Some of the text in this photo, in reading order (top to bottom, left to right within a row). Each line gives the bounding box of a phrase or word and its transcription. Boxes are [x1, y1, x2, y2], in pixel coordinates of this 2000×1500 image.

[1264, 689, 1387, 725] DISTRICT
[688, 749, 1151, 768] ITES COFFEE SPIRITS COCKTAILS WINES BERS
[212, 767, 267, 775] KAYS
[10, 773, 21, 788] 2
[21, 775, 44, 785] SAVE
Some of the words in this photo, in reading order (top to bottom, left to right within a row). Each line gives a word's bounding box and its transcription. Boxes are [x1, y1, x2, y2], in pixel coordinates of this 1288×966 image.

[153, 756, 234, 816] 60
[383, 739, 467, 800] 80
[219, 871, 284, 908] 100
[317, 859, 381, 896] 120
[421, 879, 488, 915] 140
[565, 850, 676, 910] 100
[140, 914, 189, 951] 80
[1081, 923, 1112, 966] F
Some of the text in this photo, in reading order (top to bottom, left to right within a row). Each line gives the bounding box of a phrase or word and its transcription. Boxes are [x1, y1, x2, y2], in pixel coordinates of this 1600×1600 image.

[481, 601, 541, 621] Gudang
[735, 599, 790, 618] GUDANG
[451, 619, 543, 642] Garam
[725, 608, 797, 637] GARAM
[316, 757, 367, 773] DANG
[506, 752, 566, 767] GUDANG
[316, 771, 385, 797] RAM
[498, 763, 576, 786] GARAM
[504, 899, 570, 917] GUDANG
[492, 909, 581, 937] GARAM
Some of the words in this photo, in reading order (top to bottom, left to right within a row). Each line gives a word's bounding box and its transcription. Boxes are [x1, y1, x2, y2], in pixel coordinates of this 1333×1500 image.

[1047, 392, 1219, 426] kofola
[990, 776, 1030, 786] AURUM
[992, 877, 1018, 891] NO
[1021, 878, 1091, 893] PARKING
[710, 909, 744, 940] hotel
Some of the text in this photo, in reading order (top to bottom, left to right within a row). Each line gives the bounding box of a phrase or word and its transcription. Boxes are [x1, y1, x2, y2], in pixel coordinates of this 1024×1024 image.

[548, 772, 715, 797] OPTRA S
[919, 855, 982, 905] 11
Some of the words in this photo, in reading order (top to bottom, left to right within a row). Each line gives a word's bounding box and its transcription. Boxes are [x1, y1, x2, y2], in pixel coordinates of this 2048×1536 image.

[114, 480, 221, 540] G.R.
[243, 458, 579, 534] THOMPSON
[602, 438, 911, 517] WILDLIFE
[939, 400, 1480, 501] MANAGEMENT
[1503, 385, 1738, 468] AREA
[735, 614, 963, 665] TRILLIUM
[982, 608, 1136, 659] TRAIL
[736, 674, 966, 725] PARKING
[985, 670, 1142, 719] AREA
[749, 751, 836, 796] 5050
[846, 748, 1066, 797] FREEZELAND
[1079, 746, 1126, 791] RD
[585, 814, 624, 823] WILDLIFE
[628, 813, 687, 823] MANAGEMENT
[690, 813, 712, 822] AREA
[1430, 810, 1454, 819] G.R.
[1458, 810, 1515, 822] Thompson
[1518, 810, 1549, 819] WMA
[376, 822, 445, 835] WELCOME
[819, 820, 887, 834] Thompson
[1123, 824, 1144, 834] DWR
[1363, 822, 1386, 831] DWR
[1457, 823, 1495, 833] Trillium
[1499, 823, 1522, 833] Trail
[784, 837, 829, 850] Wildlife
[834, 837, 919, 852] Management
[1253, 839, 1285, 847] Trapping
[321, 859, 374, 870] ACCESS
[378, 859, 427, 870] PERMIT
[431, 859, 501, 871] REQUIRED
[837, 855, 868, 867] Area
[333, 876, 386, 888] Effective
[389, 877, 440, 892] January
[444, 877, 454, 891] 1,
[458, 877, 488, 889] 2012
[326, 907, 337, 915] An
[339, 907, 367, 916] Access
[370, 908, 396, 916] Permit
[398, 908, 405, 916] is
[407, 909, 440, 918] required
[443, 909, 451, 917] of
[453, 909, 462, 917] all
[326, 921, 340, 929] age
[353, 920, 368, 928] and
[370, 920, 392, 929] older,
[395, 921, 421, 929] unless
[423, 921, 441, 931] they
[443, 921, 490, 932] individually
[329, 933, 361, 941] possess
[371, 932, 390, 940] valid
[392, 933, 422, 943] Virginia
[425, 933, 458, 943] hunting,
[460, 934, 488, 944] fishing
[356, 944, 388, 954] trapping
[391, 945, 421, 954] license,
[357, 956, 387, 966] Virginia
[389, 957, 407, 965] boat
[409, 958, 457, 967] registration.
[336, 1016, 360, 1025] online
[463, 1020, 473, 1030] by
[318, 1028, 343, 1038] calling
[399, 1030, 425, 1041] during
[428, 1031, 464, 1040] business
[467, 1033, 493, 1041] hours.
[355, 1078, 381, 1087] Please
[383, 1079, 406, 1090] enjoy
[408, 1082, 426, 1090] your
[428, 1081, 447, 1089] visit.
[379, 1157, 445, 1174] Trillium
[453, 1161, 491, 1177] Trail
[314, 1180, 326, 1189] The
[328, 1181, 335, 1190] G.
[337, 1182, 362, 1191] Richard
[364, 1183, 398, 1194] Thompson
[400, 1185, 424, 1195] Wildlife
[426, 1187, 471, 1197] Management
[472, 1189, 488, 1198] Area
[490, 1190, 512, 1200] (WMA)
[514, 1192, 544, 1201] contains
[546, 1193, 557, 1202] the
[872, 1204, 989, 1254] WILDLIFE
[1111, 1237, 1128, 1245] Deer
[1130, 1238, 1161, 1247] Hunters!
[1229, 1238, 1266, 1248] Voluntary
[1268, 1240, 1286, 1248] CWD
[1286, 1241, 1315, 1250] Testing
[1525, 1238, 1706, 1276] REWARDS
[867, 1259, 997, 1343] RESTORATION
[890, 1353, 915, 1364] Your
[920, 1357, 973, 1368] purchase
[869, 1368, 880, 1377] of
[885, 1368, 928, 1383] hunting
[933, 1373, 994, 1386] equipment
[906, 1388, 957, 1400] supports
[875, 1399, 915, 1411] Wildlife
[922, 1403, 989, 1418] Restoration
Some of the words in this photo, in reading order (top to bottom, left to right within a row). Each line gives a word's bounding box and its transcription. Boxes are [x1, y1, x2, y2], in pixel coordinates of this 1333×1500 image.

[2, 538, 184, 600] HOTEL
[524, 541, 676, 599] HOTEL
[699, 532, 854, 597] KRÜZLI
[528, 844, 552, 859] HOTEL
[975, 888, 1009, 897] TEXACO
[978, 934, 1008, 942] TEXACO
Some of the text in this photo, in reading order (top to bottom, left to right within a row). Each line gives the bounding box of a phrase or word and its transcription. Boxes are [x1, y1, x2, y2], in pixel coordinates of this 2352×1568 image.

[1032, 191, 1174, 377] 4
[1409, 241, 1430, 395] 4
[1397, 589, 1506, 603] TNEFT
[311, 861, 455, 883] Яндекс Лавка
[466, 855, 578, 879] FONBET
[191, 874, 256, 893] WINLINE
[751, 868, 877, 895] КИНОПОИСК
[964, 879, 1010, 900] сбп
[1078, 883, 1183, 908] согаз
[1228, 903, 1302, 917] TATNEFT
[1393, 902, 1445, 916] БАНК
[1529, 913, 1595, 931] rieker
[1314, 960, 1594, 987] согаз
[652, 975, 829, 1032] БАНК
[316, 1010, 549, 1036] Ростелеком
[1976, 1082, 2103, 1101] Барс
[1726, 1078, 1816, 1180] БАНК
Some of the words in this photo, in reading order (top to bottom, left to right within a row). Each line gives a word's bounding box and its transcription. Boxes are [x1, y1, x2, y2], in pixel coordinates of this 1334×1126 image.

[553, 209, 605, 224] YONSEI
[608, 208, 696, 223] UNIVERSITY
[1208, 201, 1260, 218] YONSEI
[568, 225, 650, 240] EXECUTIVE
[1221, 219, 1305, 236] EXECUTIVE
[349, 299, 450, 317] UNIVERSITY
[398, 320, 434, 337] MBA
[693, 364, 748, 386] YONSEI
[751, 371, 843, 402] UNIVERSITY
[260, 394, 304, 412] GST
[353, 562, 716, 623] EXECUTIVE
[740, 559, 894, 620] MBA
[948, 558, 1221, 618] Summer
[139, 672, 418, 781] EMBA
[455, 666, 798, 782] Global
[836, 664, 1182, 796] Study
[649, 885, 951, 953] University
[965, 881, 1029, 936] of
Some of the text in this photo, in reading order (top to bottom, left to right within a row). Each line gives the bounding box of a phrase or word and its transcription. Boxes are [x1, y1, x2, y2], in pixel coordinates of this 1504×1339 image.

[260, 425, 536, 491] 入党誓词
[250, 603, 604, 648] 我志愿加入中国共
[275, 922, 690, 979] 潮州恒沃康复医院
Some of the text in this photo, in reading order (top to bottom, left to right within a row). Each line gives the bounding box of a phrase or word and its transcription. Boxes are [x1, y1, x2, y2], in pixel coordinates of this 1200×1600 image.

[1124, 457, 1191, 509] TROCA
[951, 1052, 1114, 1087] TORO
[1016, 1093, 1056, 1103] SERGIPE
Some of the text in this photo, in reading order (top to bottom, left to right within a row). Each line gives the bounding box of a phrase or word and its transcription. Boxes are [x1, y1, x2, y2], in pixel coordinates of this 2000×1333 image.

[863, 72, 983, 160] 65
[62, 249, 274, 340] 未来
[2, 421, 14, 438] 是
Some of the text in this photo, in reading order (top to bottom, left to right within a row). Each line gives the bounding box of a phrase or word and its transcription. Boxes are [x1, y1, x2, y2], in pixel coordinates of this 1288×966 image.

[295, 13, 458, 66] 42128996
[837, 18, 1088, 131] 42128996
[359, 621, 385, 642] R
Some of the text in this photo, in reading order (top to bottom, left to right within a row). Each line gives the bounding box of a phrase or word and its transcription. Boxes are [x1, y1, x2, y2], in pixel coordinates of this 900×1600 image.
# # #
-- Exercise --
Could you write out, exactly, each line of the data above from the one containing "this 2000×1333 image." through the last, including both?

-- Reply --
Some of the text in this photo, in reading order (top to bottom, left to right within a row). Each line gives the bounding box of a phrase or word and its transcription. Boxes are [x1, y1, x2, y2], in pixel coordinates of this 2000×1333 image.

[863, 72, 983, 160] 65
[62, 249, 274, 340] 未来
[2, 421, 14, 438] 是
Some of the text in this photo, in reading order (top to bottom, left to right within a row). Each line gives the bounding box of a phrase or word and its transcription. Boxes are [x1, y1, x2, y2], in pixel coordinates of this 1288×966 image.

[295, 13, 458, 66] 42128996
[837, 18, 1088, 131] 42128996
[359, 621, 385, 642] R
Some of the text in this photo, in reading order (top to bottom, left to right within a row). Each line gives the bounding box of a phrase or word and its transcription. Boxes are [x1, y1, x2, y2], in pixel coordinates of this 900×1600 image.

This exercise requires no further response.